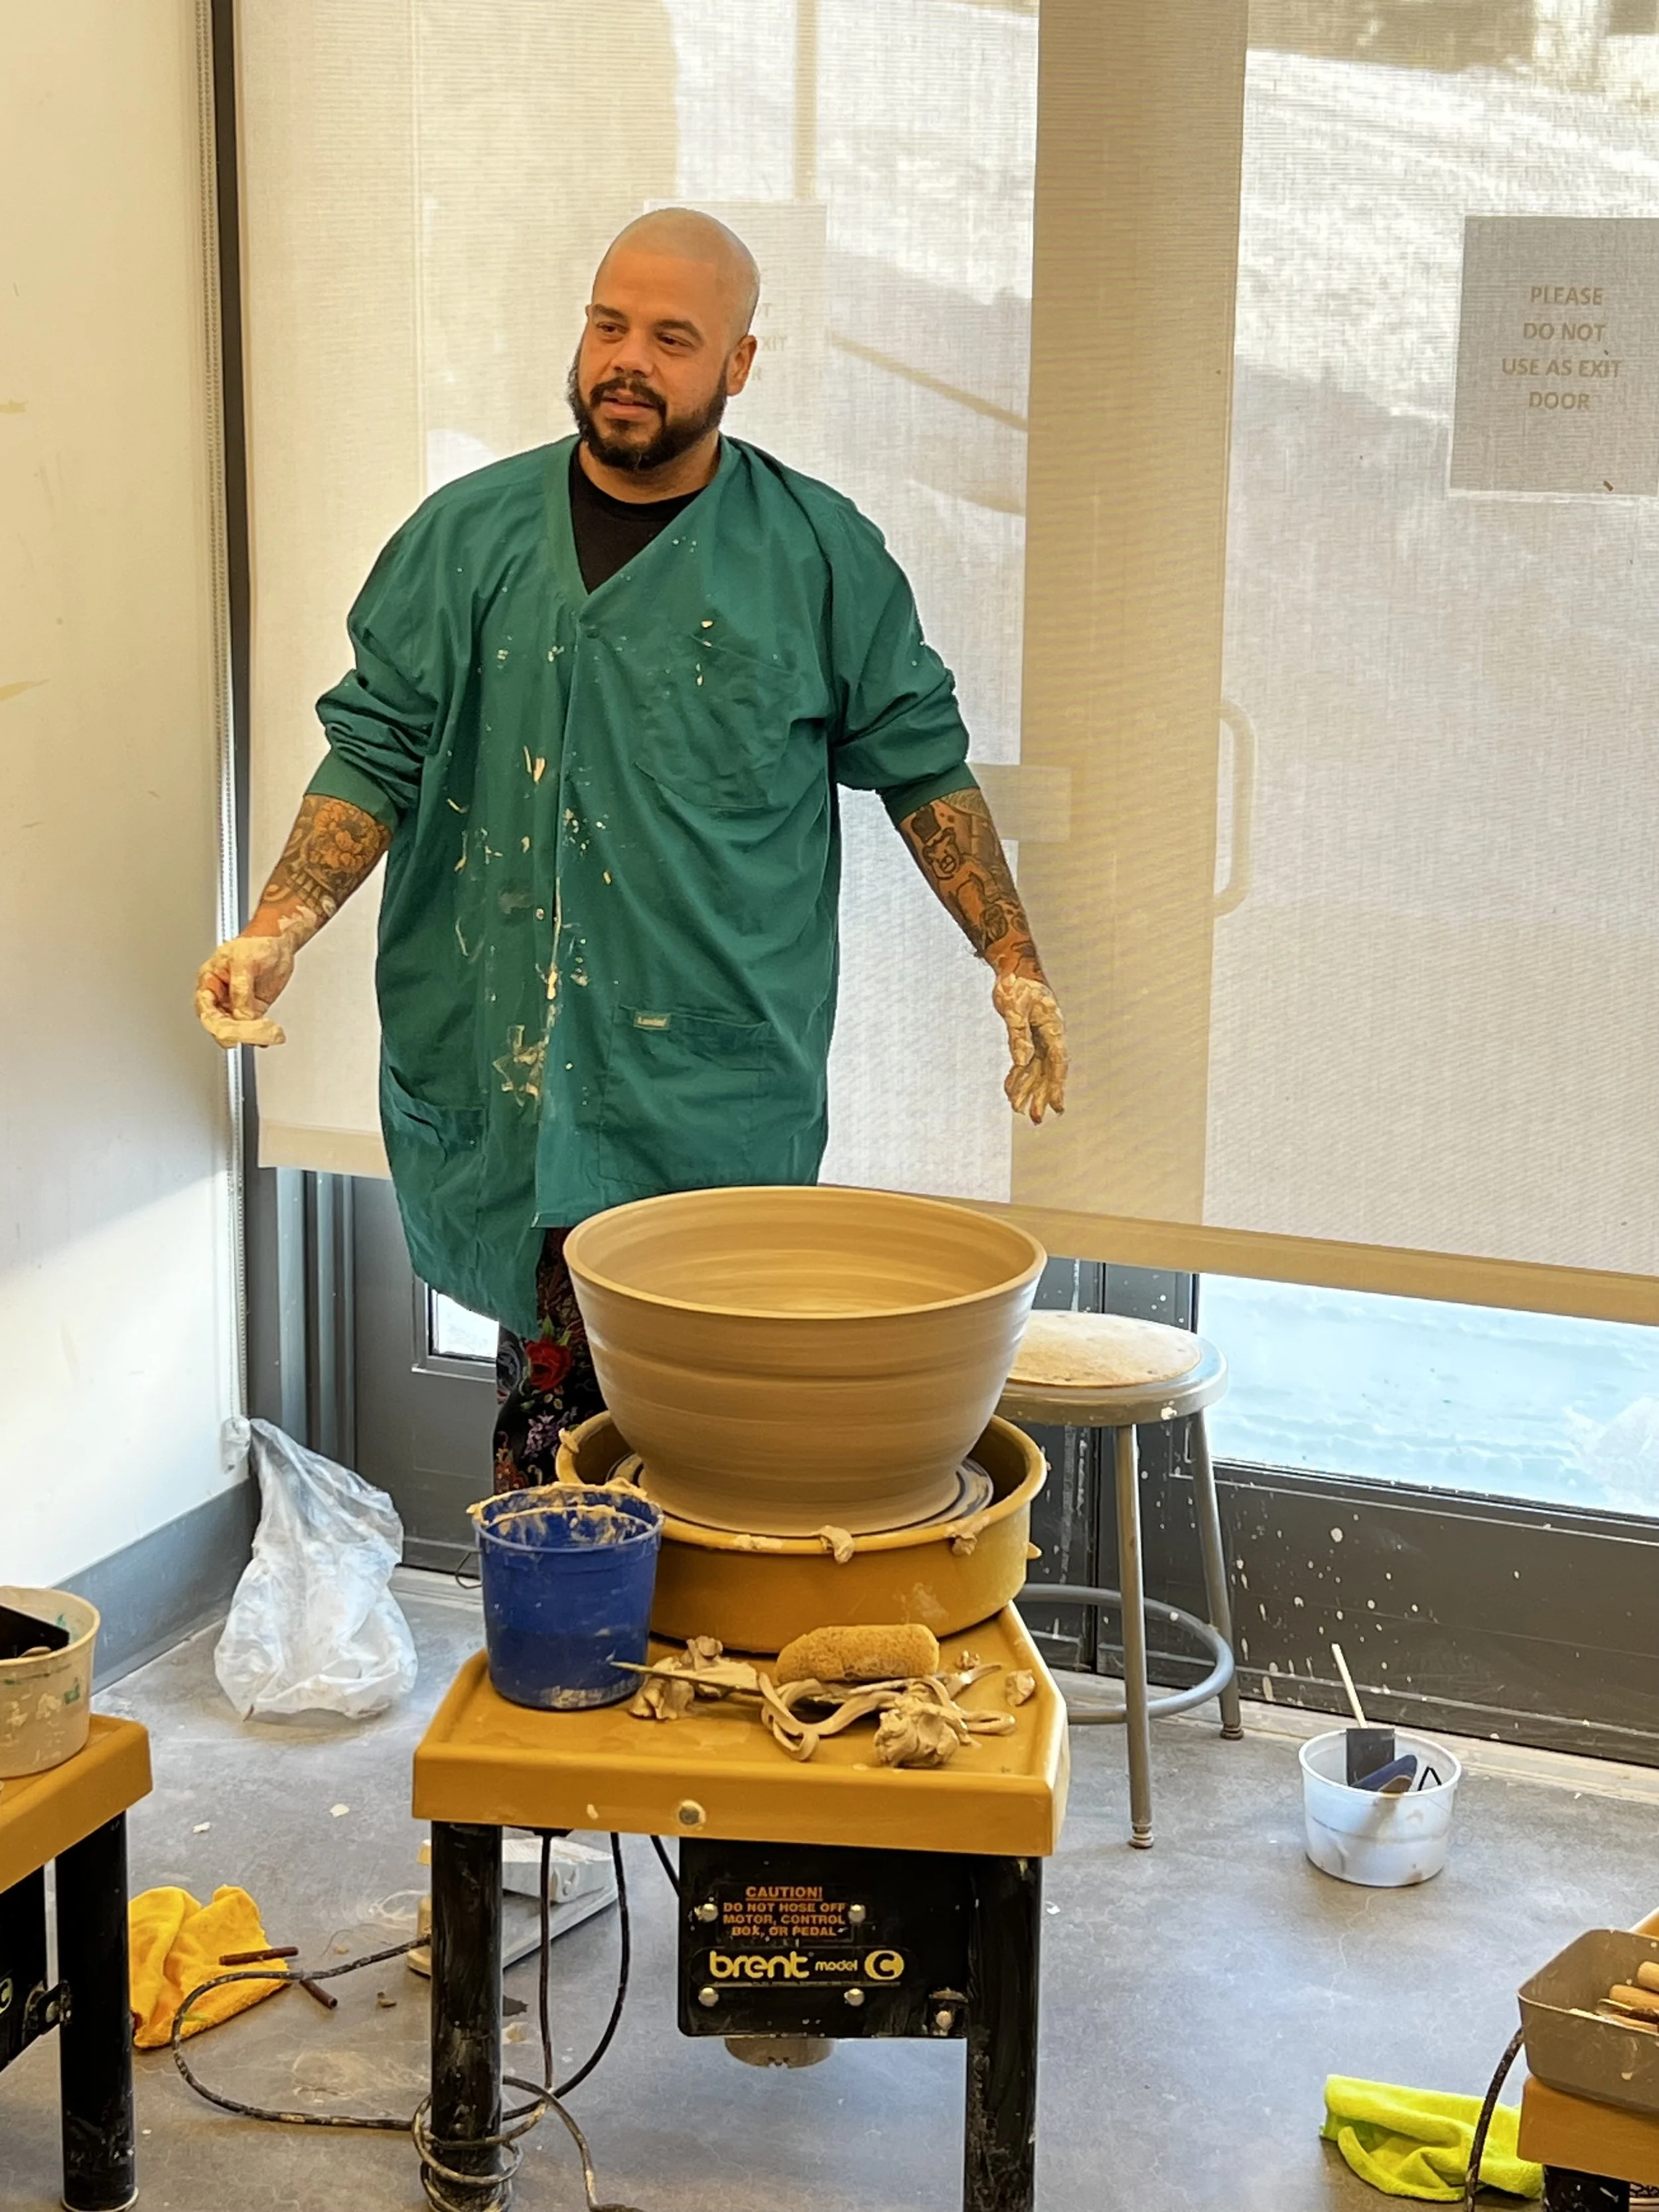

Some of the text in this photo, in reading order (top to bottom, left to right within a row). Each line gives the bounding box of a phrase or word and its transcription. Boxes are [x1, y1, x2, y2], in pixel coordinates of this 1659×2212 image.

[1531, 286, 1604, 306] PLEASE
[1524, 323, 1607, 342] DO NOT
[760, 335, 788, 352] XIT
[1502, 358, 1623, 378] USE AS EXIT
[1529, 392, 1591, 410] DOOR
[745, 1886, 823, 1899] CAUTION!
[723, 1902, 846, 1913] DO NOT HOSE OFF
[723, 1914, 845, 1925] MOTOR, CONTROL
[768, 1926, 788, 1937] OR
[792, 1926, 837, 1937] PEDAL
[709, 1951, 810, 1978] brent
[815, 1960, 858, 1971] model

**ACTION ITEM**. Reprint each of the records exactly and skip the images.

**TASK SOLUTION**.
Some of the text in this photo, in reading order (top to bottom, left to right within a row). Each line gives the bounding box of a phrase or word and its transcription. Boxes are [x1, y1, x2, y2], in pixel coordinates of this 1659×2212 image.

[1531, 286, 1604, 306] PLEASE
[1524, 323, 1607, 342] DO NOT
[760, 335, 788, 352] XIT
[1502, 358, 1623, 378] USE AS EXIT
[1529, 392, 1591, 410] DOOR
[745, 1886, 823, 1899] CAUTION!
[723, 1902, 846, 1913] DO NOT HOSE OFF
[723, 1914, 845, 1925] MOTOR, CONTROL
[768, 1926, 788, 1937] OR
[792, 1926, 837, 1937] PEDAL
[709, 1951, 810, 1978] brent
[815, 1960, 858, 1971] model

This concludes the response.